La structure choisie par l’Etat, une société à actions simplifiée est dotée d’une gouvernance peu transparente et d’une masse salariale qui augmente significativement année après année (176 équivalent temps plein en 2024 !) sans aucun regard du Parlement. Vue la part de financement public qui fonde le Pass Culture, la CGT Spectacle rejoint les préconisations de la Cour des Comptes appelant à remettre le Pass dans le giron du ministère de la Culture sous la forme d’un opérateur national et à réinternaliser les personnels. Sur le fond, la Cour des Comptes est catégorique : le Pass Culture n’atteint pas ses objectifs. Il contribue, comme nous pouvions le prévoir, à renforcer les inégalités culturelles et les réalités de classes existantes au sein de la jeunesse. Il n’est ainsi par ailleurs pas parvenu à amener la jeunesse vers de nouvelles pratiques culturelles.
Ces constats de la Cour des Comptes arrivent alors même que l’Etat et les Collectivités territoriales se désengagent massivement du financement du service public du spectacle vivant et des arts visuels, dont une des missions centrales est d’aller vers les publics éloignés de la Culture sur le territoire à travers des actions de médiation culturelle et d’éducation artistique et culturelle. La ministre démissionnaire, Rachida Dati, s’est engagée à réformer la part individuelle du Pass Culture en affectant un budget dédié au spectacle vivant et en insufflant davantage de médiation culturelle dans le dispositif. De la poudre aux yeux alors que la Cour des Comptes appelle à une réforme profonde de ce dispositif et que le service public de la Culture attend urgemment des réponses structurelles à la grave crise des financements publics qui se profile en 2025.

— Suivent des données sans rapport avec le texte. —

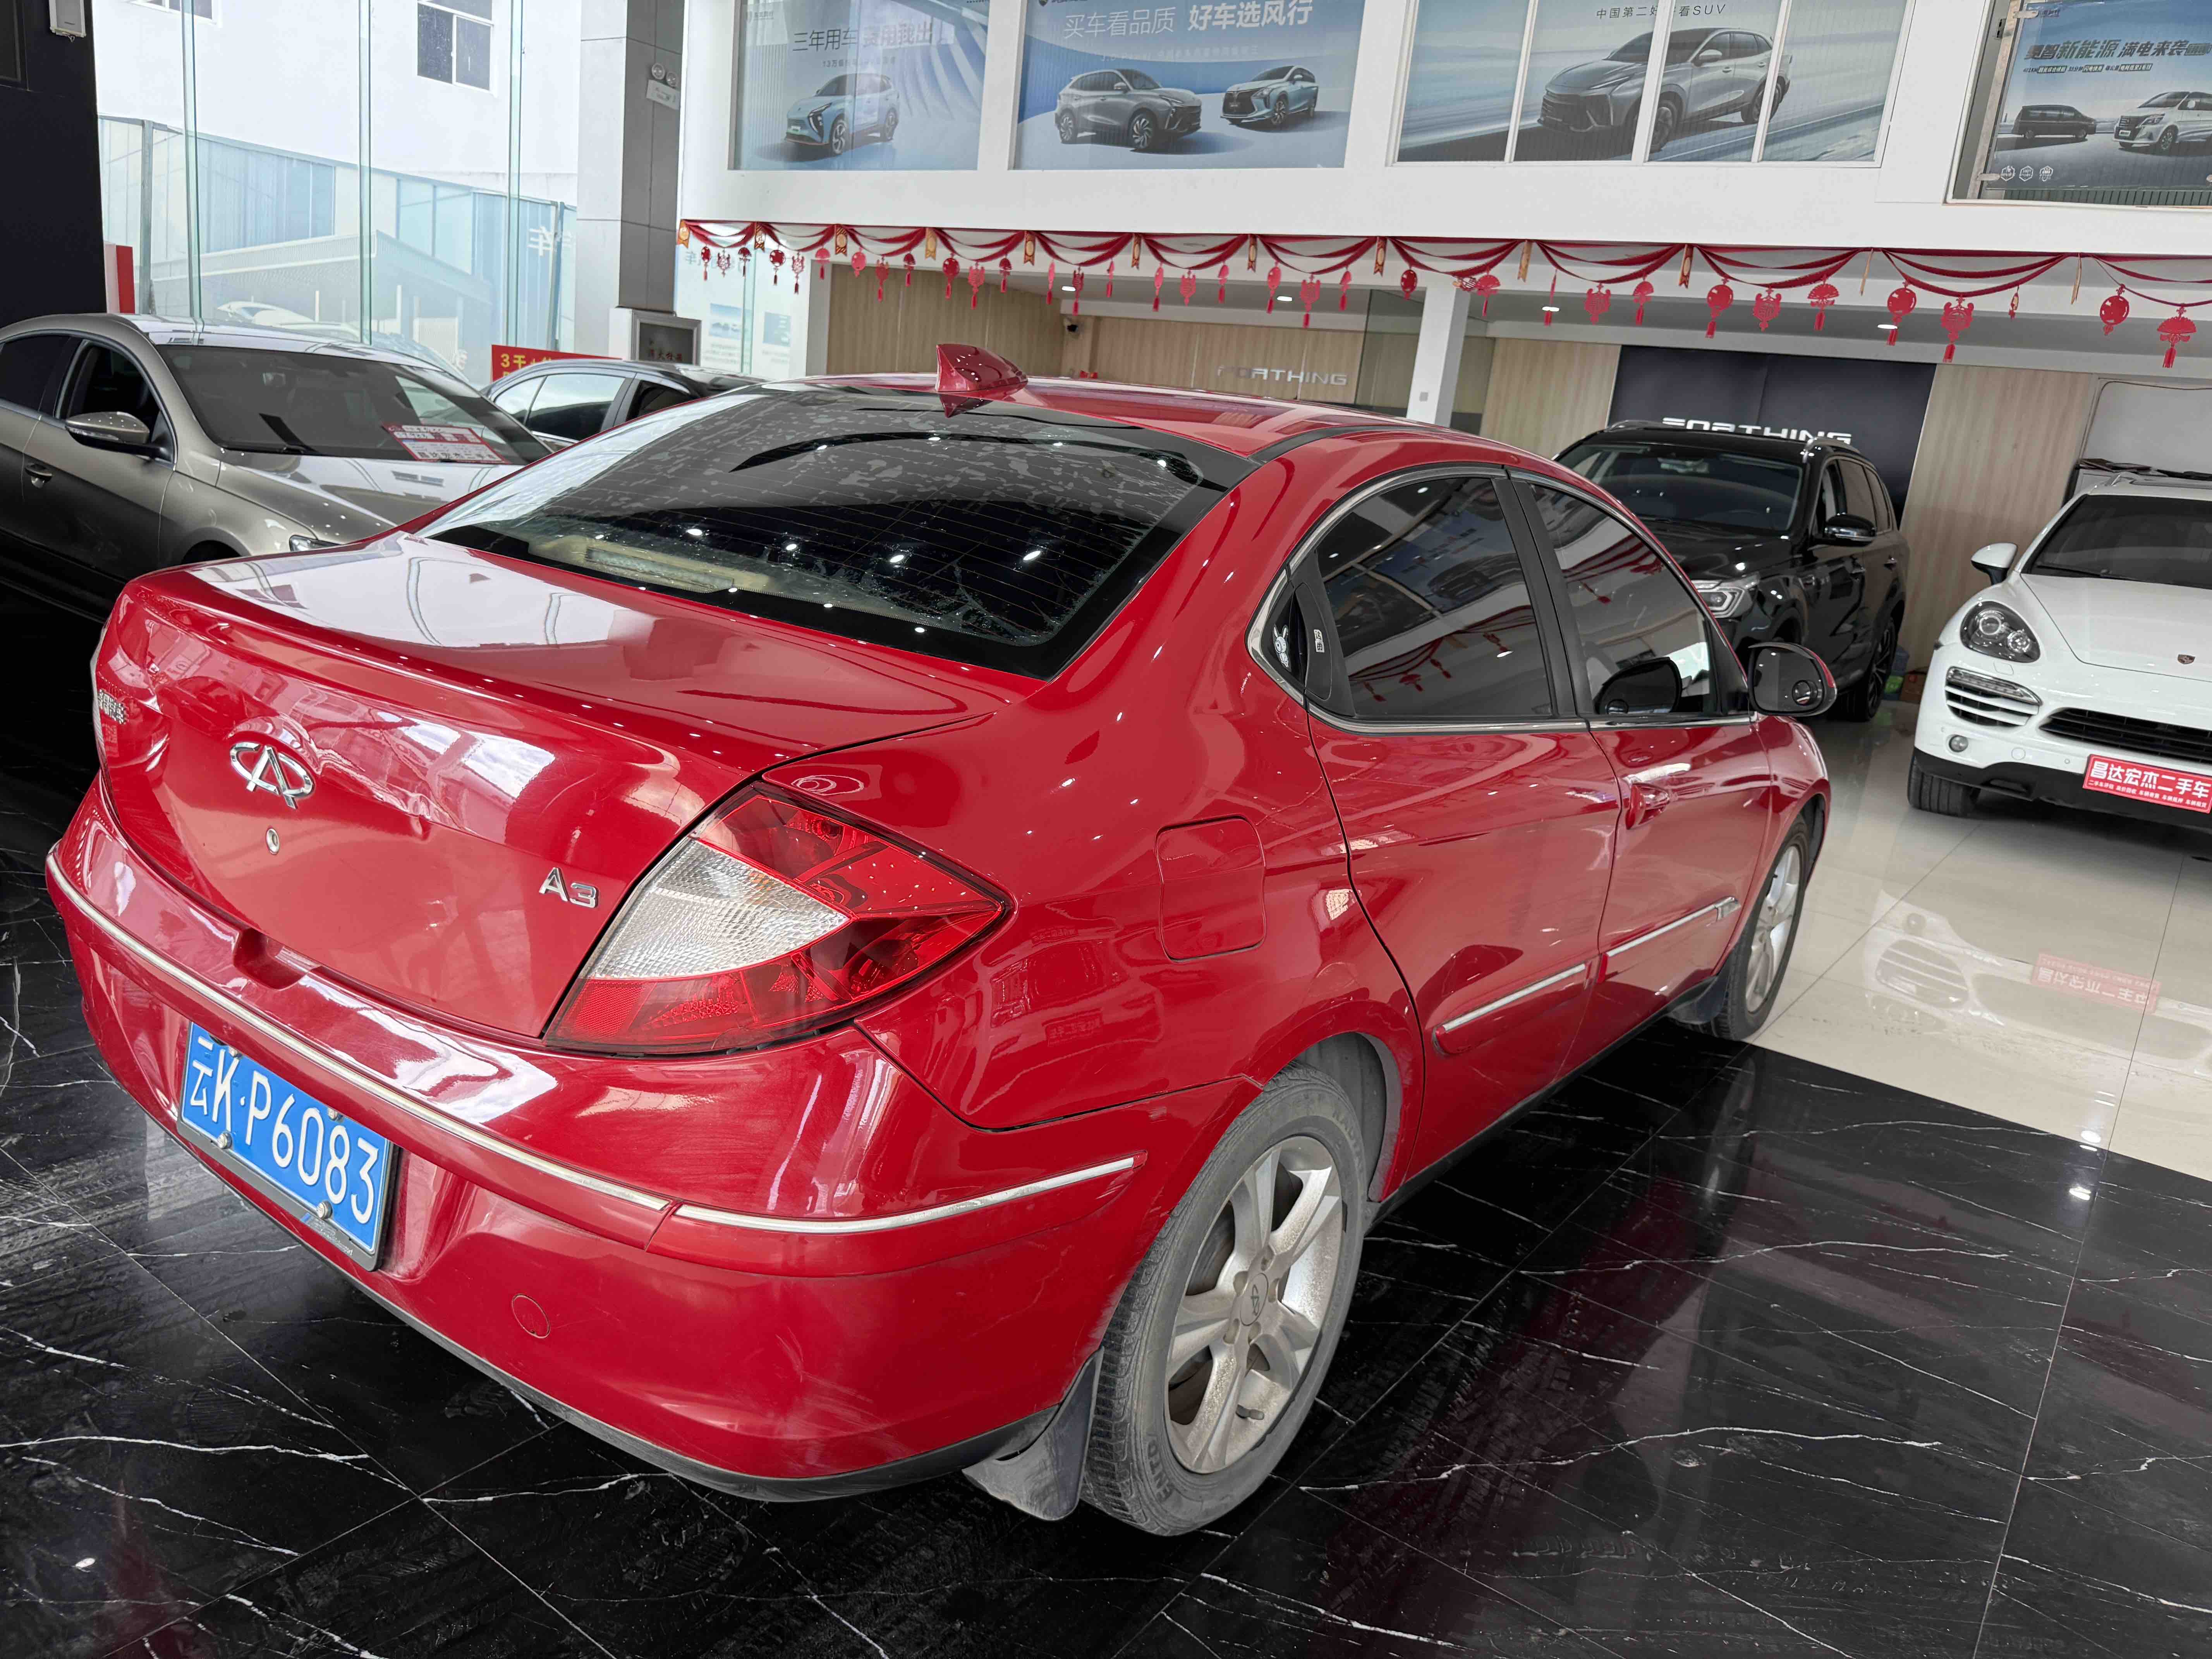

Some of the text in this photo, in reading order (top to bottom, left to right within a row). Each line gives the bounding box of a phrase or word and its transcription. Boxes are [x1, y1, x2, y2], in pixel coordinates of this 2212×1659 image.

Le secteur est exsangue, la part individuelle du Pass Culture inefficace et une gabegie budgétaire, nous revendiquons donc le redéploiement de l’intégralité des crédits de la part individuelle du Pass Culture vers les programmes 131 « Création » et 361 « Transmissions des savoirs » pour permettre de conduire les véritables missions de service public de la Culture et de s’adresser à la jeunesse sur l’ensemble du territoire. Nous demandons en revanche de pérenniser la part collective utile à de nombreux artistes pour conduire des actions d’éducation artistique et culturelle dans le milieu scolaire.
Nous ne pouvons plus admettre que l’Etat verse allègrement de l’argent public, fruit de nos impôts, sur l’industrie culturelle. Le service public des arts et de la culture, ainsi que le secteur non-marchand doivent être refinancés en urgence.
Le 19/12/2024
Fédération Nationale des Syndicats du Spectacle, du Cinéma, de l’Audiovisuel et de l’Action Culturelle CGT.